My eyes narrowed. Of the two of them, I was certain Merlin wasn’t the mad one. But while I struggled to make sense of Marrok’s words, and the lady looked more panicked still, Merlin seemed to understand.
“I would not pair you with a lesser knight than him.” Merlin pointed a long finger at me.
“I’m not yet a knight,” I reminded him.
“Did the king not make it clear enough it’s not the title that makes the knight?”
I bowed my head in humility.
“Then what of
me
?” Marrok demanded, his voice a strangled whisper.
“Do not forget who or what I am. I can see both the
man
you are and the
man
you’ll be. Hear me well: ‘Twas beauty that tamed the beast.’”
What had a cradle tale to do with Marrok?
I wondered. More, if the man doubted himself now, how would he conduct himself in a fight? True, there was a volatility about him—something that reminded me of the berserkers of old—that promised extraordinary power at need. Whether that volatility could be harnessed, though, was another matter.
Still, how could I doubt Merlin’s assessment of Marrok when I required the lady to trust Merlin’s assessment of me?
“And the lady?” Marrok asked through gritted teeth.
“Lynette,” she said.
“Has secrets of her own,” Merlin answered. “Blood calls to blood, and I daresay she is more than what she seems. She has more than woman’s wiles to protect herself. And more than woman’s wiles are at play here if she has need to call upon our help.”
“Enchantment?” I guessed.
“Old Magic lingers still in many corners of the land.” Merlin swung his gaze between Lynette and Marrok. Secrets, dark and magical, sparked in his eyes. Understanding seemed to flow between him and Lynette, him and Marrok.
“Can you not speak more plainly?” I asked, tempering the exasperation building in me.
“Their secrets are not mine. Perhaps they’ll reveal them…in time.”
In time
. Did he speak simply in terms of days or months, or did he mean they’d need to reveal themselves in time to rescue Lynette’s sister? I silently damned all fae kind. And Merlin’s hint had me believing that just might include Lynette too.
Marrok, though, remained a mystery. A broad-shouldered, slim-hipped mystery with intense and darkling eyes. The very volatility and unpredictability that made me question his suitability for this quest seared like lightning through my soul. He was all that I wasn’t.
But in this Merlin was wrong. I didn’t need Marrok to make me whole. Were not my brothers Gawain, Uwain and Gaheris already heroes by their own merits?
I was being manipulated. Subtle magics, perhaps, or simply Merlin’s skill at getting inside a person’s head and making them see as he saw.

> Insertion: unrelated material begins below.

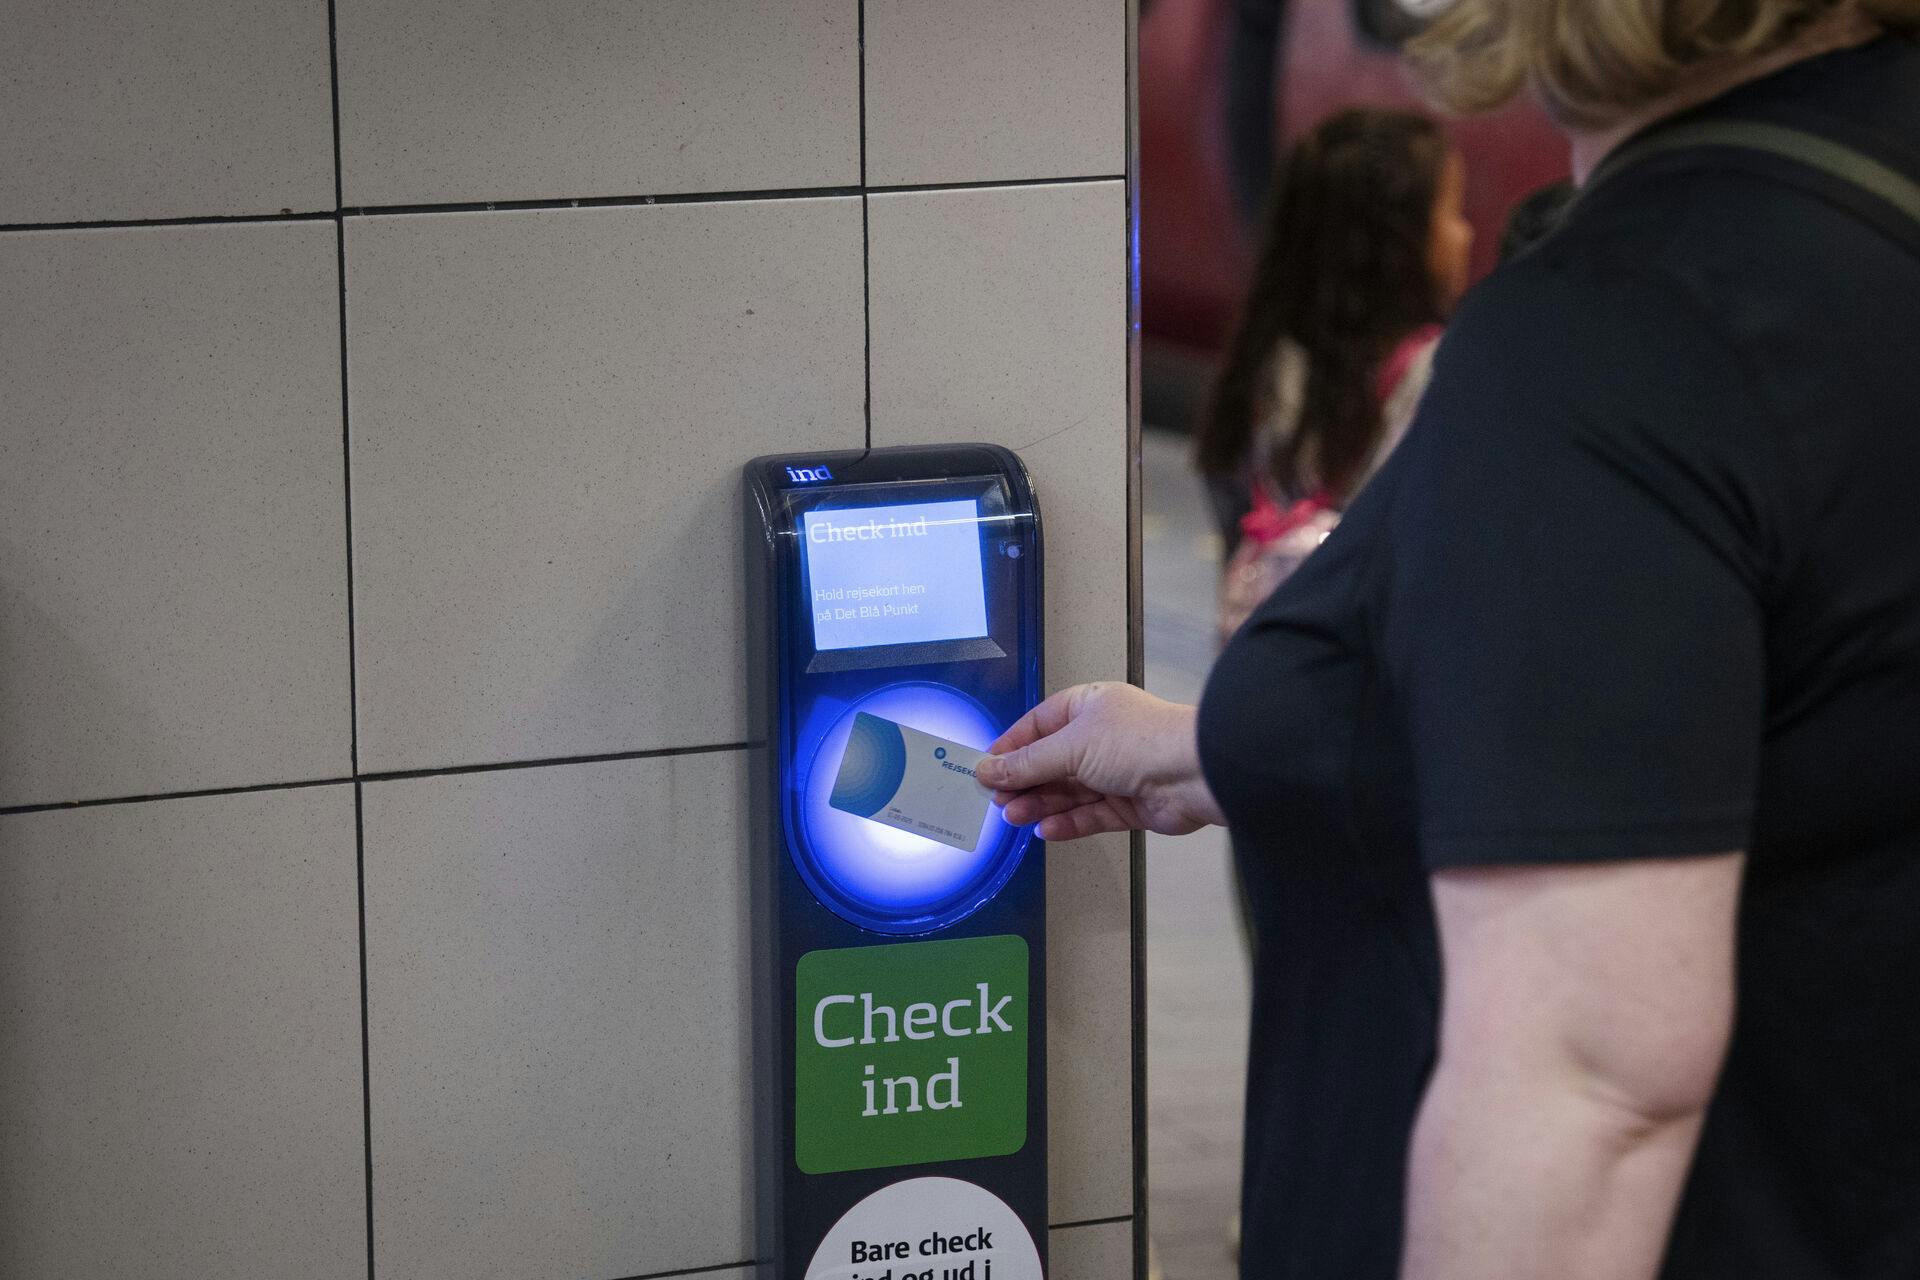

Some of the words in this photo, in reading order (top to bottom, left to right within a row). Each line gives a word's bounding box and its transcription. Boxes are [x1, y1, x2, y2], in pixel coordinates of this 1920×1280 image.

How much could the far-seer know ahead of it happening and how far did his magics reach? I believed I had come to Arthur’s court under my own volition, and that I had volunteered for Lynette’s quest under my own compulsion. But with Merlin at the center of events could I ever truly know how much control over my own life I held?
A part of me that would have made Lynette proud cried in outrage that I was being used as a tool for a purpose I could not fathom. But more so than my outrage, I was intrigued by the magic and mystery that swirled around me. By the strong will and angel eyes of the lady who rebuked me. And by the way Sir Marrok’s every perfect move seemed to swear danger and death to any who crossed him.
I relinquished the last of my control to Merlin, to Lynette, to Marrok and to the quest that awaited. “We ride,” I told Marrok.
Was the gleam in Merlin’s far-seeing eyes one of triumph or tragedy?